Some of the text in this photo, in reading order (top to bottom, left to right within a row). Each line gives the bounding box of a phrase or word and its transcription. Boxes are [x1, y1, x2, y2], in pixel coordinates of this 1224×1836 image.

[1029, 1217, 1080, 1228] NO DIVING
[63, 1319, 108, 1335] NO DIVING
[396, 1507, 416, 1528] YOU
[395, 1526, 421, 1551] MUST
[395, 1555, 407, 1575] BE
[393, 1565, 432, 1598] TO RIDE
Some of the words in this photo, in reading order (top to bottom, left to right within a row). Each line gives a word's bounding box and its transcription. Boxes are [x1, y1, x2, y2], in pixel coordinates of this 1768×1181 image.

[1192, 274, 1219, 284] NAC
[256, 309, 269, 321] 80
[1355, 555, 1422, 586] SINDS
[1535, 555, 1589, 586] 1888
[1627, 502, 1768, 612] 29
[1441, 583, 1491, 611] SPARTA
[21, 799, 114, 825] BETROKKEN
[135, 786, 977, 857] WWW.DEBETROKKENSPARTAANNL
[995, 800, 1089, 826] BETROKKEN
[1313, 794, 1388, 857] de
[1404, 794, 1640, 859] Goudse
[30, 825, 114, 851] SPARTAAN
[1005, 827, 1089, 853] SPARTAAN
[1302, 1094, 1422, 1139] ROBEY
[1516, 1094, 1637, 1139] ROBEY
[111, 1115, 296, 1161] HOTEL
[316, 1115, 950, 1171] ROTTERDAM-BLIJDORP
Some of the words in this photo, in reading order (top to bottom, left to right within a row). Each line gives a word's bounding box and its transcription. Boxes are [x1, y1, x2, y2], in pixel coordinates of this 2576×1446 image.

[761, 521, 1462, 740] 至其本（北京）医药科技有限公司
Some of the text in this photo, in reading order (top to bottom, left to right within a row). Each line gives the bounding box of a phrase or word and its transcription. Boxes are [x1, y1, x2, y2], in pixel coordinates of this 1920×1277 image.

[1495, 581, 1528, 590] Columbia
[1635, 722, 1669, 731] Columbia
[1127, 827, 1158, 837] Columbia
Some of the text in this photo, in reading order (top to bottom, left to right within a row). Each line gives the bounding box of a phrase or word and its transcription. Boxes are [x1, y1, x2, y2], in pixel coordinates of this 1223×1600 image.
============================================================
Task requirements:
Go through the listing above and reproduce all of it exactly.

Result for this task:
Some of the text in this photo, in reading order (top to bottom, left to right within a row). Each line gives the bounding box of a phrase or word and its transcription. Boxes are [x1, y1, x2, y2], in pixel coordinates of this 1224×1836 image.

[1029, 1217, 1080, 1228] NO DIVING
[63, 1319, 108, 1335] NO DIVING
[396, 1507, 416, 1528] YOU
[395, 1526, 421, 1551] MUST
[395, 1555, 407, 1575] BE
[393, 1565, 432, 1598] TO RIDE
Some of the words in this photo, in reading order (top to bottom, left to right within a row). Each line gives a word's bounding box and its transcription. Boxes are [x1, y1, x2, y2], in pixel coordinates of this 1768×1181 image.

[1192, 274, 1219, 284] NAC
[256, 309, 269, 321] 80
[1355, 555, 1422, 586] SINDS
[1535, 555, 1589, 586] 1888
[1627, 502, 1768, 612] 29
[1441, 583, 1491, 611] SPARTA
[21, 799, 114, 825] BETROKKEN
[135, 786, 977, 857] WWW.DEBETROKKENSPARTAANNL
[995, 800, 1089, 826] BETROKKEN
[1313, 794, 1388, 857] de
[1404, 794, 1640, 859] Goudse
[30, 825, 114, 851] SPARTAAN
[1005, 827, 1089, 853] SPARTAAN
[1302, 1094, 1422, 1139] ROBEY
[1516, 1094, 1637, 1139] ROBEY
[111, 1115, 296, 1161] HOTEL
[316, 1115, 950, 1171] ROTTERDAM-BLIJDORP
Some of the words in this photo, in reading order (top to bottom, left to right within a row). Each line gives a word's bounding box and its transcription. Boxes are [x1, y1, x2, y2], in pixel coordinates of this 2576×1446 image.

[761, 521, 1462, 740] 至其本（北京）医药科技有限公司
Some of the text in this photo, in reading order (top to bottom, left to right within a row). Each line gives the bounding box of a phrase or word and its transcription. Boxes are [x1, y1, x2, y2], in pixel coordinates of this 1920×1277 image.

[1495, 581, 1528, 590] Columbia
[1635, 722, 1669, 731] Columbia
[1127, 827, 1158, 837] Columbia
Some of the text in this photo, in reading order (top to bottom, left to right within a row). Each line gives the bounding box of a phrase or word and its transcription. Boxes are [x1, y1, x2, y2], in pixel coordinates of this 1223×1600 image.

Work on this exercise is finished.